■ **Required action**: What is needed is an exact copy of every entry, without the pictures.

■ **Data records**:

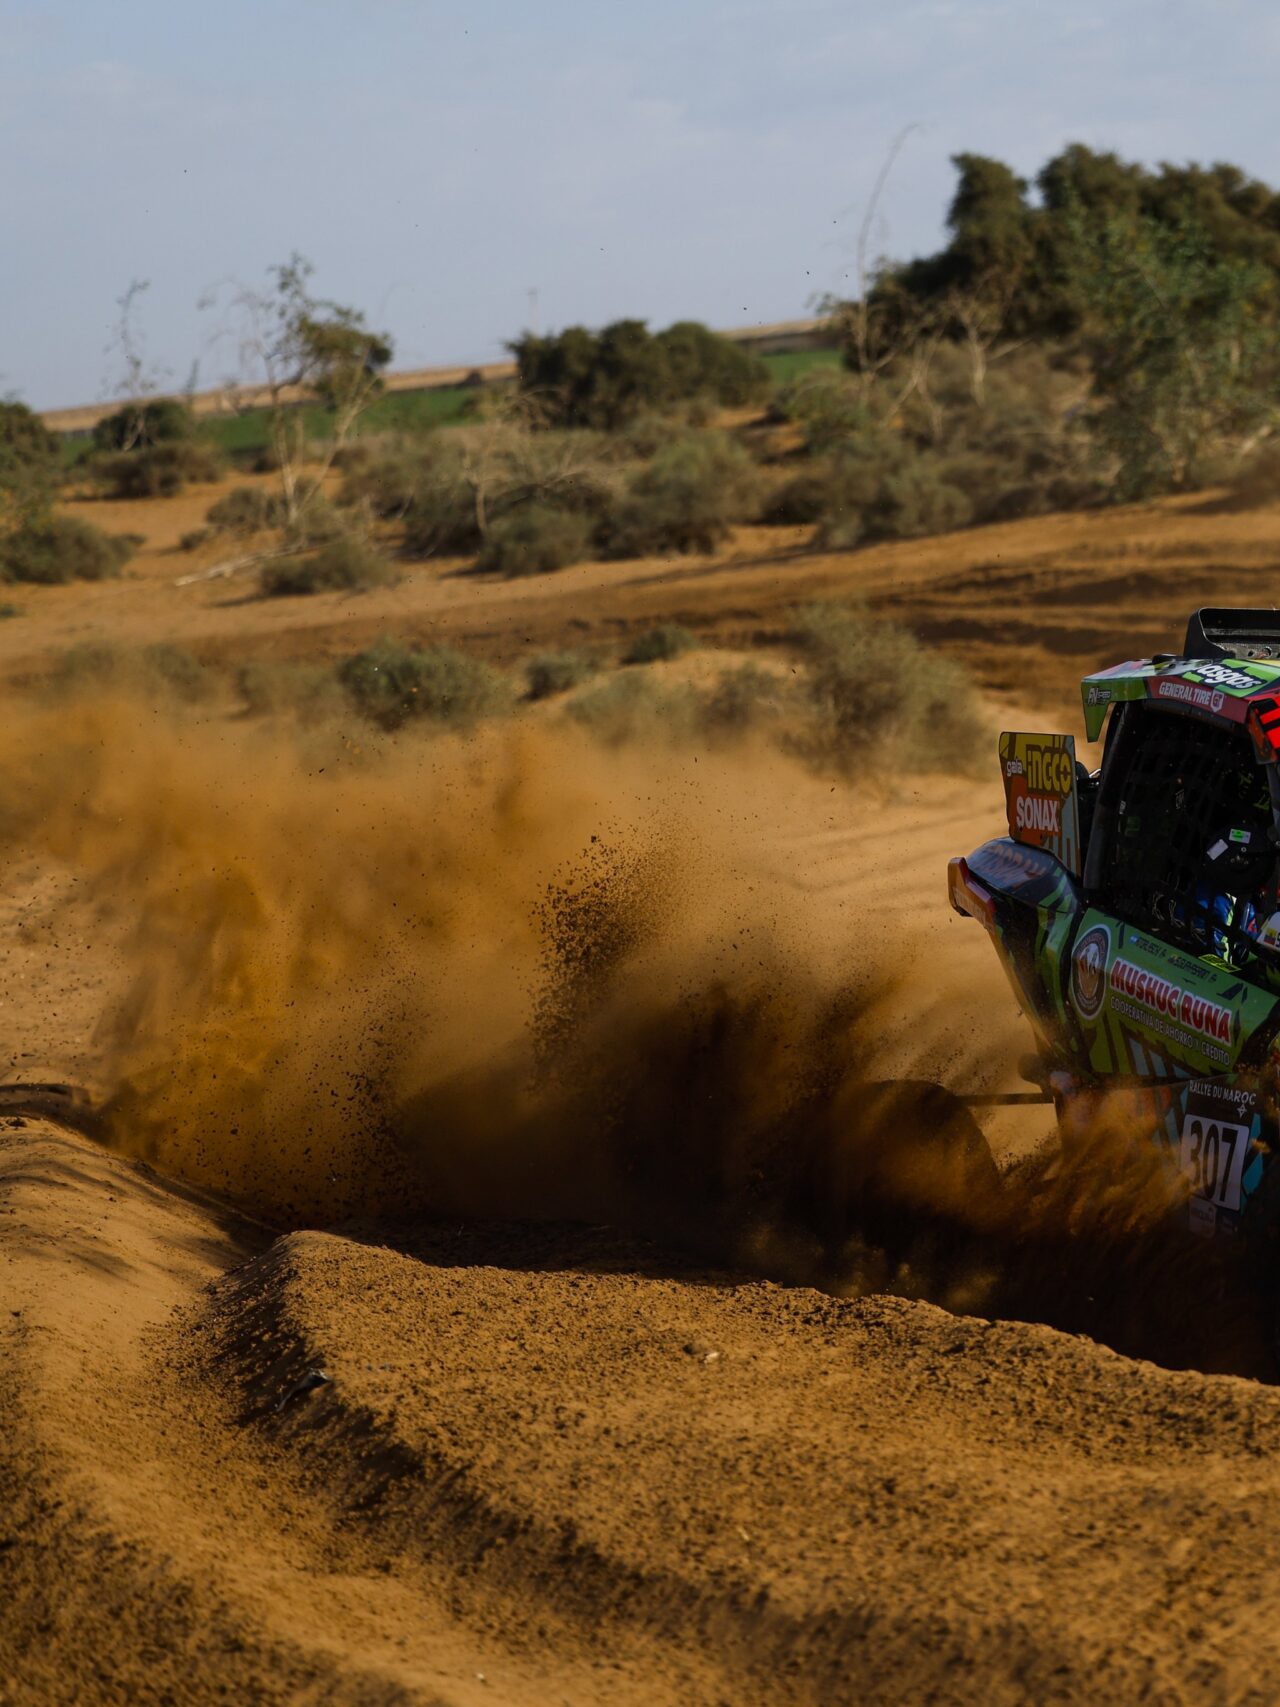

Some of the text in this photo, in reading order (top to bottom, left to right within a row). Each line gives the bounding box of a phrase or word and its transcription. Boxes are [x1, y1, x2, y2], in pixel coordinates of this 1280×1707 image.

[1195, 663, 1262, 689] asgas
[1158, 681, 1193, 701] GENERAL
[1193, 688, 1212, 705] TIRE
[1016, 796, 1060, 833] SONAX
[1110, 957, 1182, 1021] MUSHUC
[1180, 990, 1233, 1048] RUNA
[1200, 1041, 1231, 1065] CREDITO
[1189, 1079, 1257, 1106] RALLYE DU MAROC
[1189, 1119, 1239, 1203] 307

■ **Solution below**:
Some of the text in this photo, in reading order (top to bottom, left to right within a row). Each line gives the bounding box of a phrase or word and its transcription. Boxes are [x1, y1, x2, y2], in pixel coordinates of this 1280×1707 image.

[1195, 663, 1262, 689] asgas
[1158, 681, 1193, 701] GENERAL
[1193, 688, 1212, 705] TIRE
[1016, 796, 1060, 833] SONAX
[1110, 957, 1182, 1021] MUSHUC
[1180, 990, 1233, 1048] RUNA
[1200, 1041, 1231, 1065] CREDITO
[1189, 1079, 1257, 1106] RALLYE DU MAROC
[1189, 1119, 1239, 1203] 307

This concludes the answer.